SoylentNews is people

posted by NCommander on Thursday June 04 2015, @11:38AM   Printer-friendly
from the input-wanted dept.

Moving on from frontend stuff, I'm getting to the point that I want to dig in deep and rewrite most of the database layer of SoylentNews/rehash. For those who are unfamiliar with our codebase, its primarily written in perl, with fairly strict adherence to the MVC model, going as far as installing system modules for code shared between the frontend and backend daemons. Slash was written with database portability in mind, and at least historically, a port to postgreSQL existed in the late 90s/early 2000s, and there was some legacy Oracle code authored by VA Linux as well.
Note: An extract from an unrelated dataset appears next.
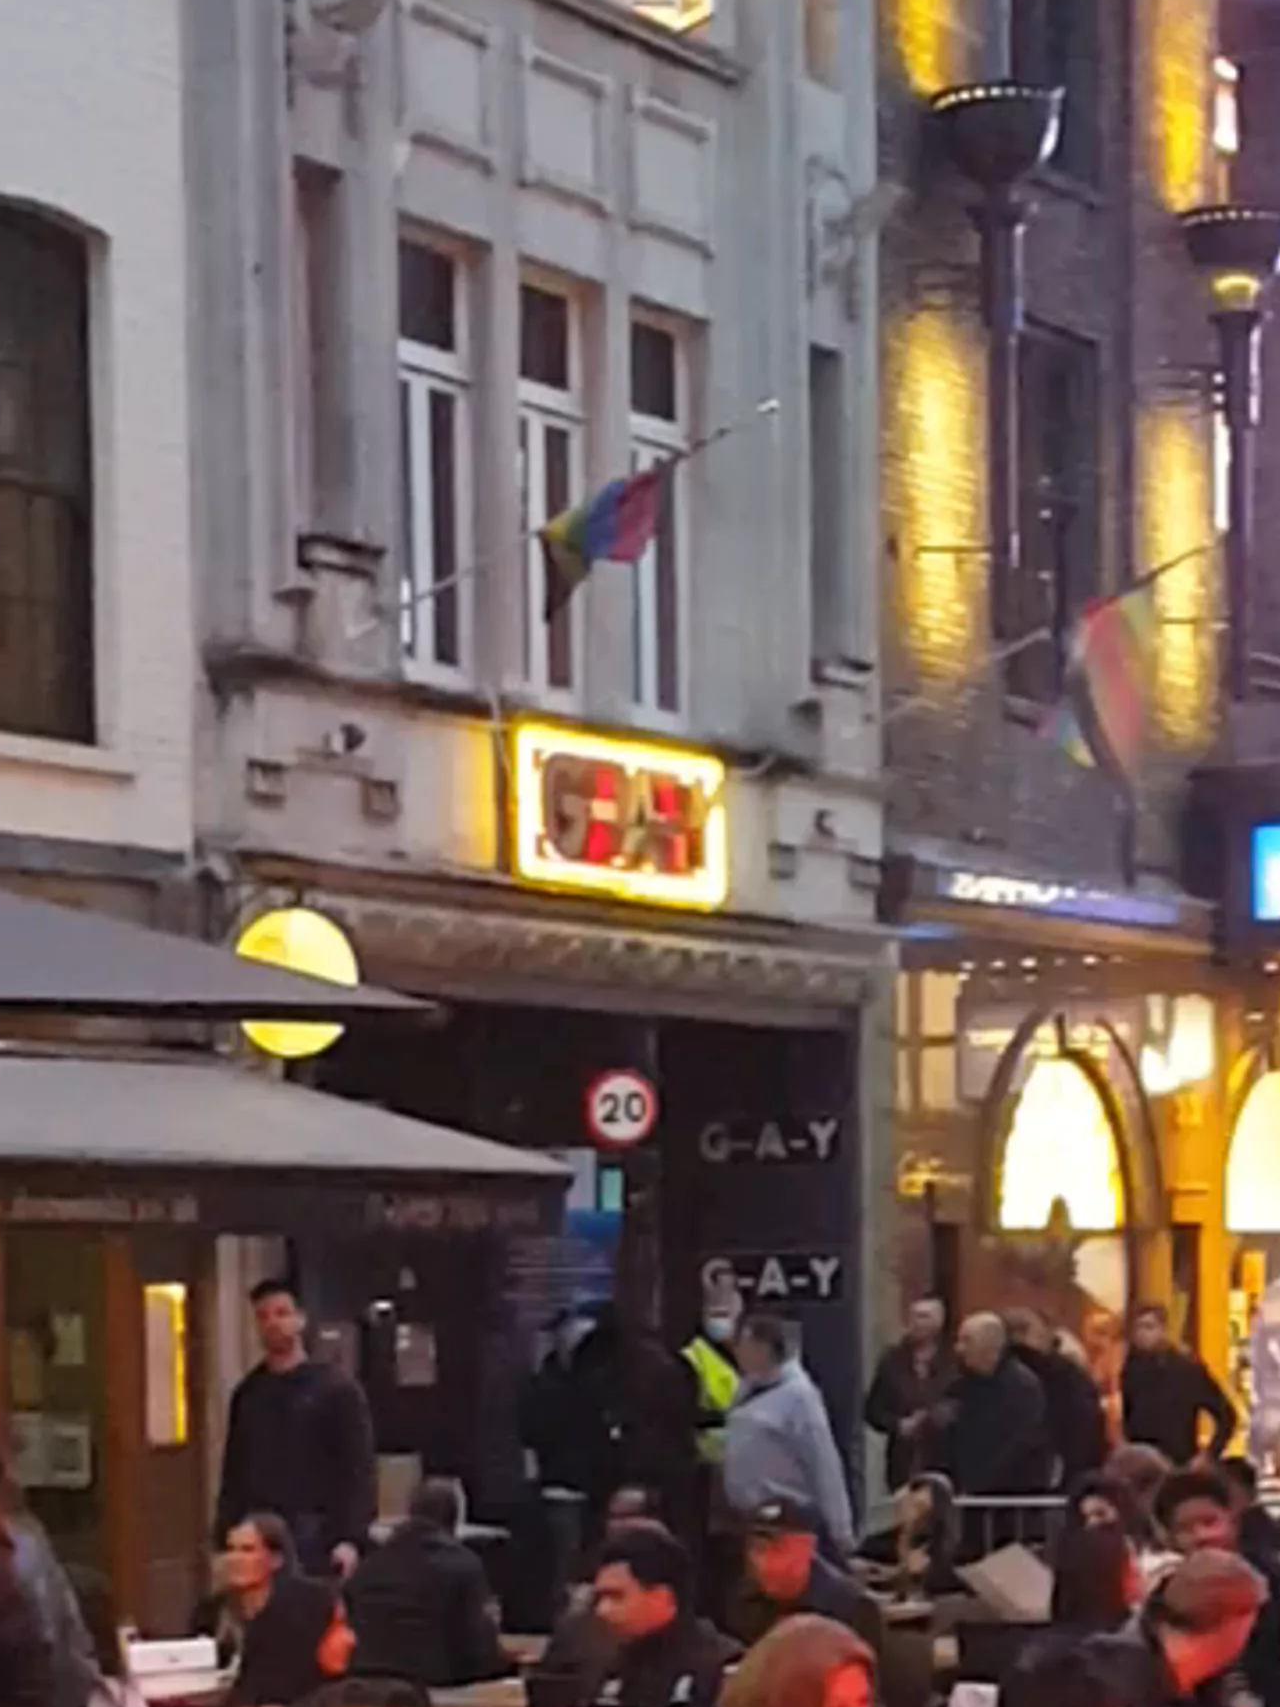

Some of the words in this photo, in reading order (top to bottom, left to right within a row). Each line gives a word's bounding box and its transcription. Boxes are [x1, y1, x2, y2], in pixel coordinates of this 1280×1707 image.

[600, 1092, 646, 1123] 20
[699, 1118, 838, 1162] G-A-Y
[701, 1256, 839, 1296] G-A-Y
This code has bitrotted to the point of unusability, leaving the MySQL backend the only functional mode; I deleted the legacy code about a year ago from our git repo.

However, migrating from MySQL has remaining on my personal TODO list for a long time, due to unreliability, data corruption, and configuration pain. The obvious choice from where I'm sitting is postgreSQL. For those who aren't super familiar with the pro/cons with MySQL, this article by Elnur Abdurrakhimov has a pretty good summary and a list of links explaining in-depth why MySQL is not a good solution for any large site. We've hit a lot of pain in the nearly 1.5 years SN has been up due to limitations in the database layer as well, forcing us to use a clustering solution to provide any sort of real redundancy for our backend. Although I'm familiar with database programming, I'm not a DBA by trade, so I'm hoping to tap into the collective knowledge of the SoylentNews community and work out a reasonable migration plan and design.

[More after the break...]

The "Why" Factor

Beside my personal dislike of MySQL, there's a more important reason to migrate from MySQL. MySQL's support for stored procedures is incredibly poor, which means raw SQL has to be written in the application layer. rehash reduces the danger of injection by providing a set of wrapper functions such as select/insert/update which take four arguments: table, from clause, where clause, and anything extra if necessary; these parameters are assembled into a full query which is in turn properly escaped to prevent most obvious attacks from working. Extensive whitelists are used for sanitizing parameters, but by design, rehash uses a single namespace, with a single user account which has full SELECT/INSERT/UPDATE/DELETE permissions across the board. If any single point is compromised, the entire database is toast. Furthermore, because of poor support for views in MySQL, massive JOINs litter the codebase, making some queries reaching across 5-6 tables (with the most horrific example I can think of being the modbomb SELECT which reaches across almost every user and comment table in the database). This makes debugging and optimizing anything a slow and *painful experience.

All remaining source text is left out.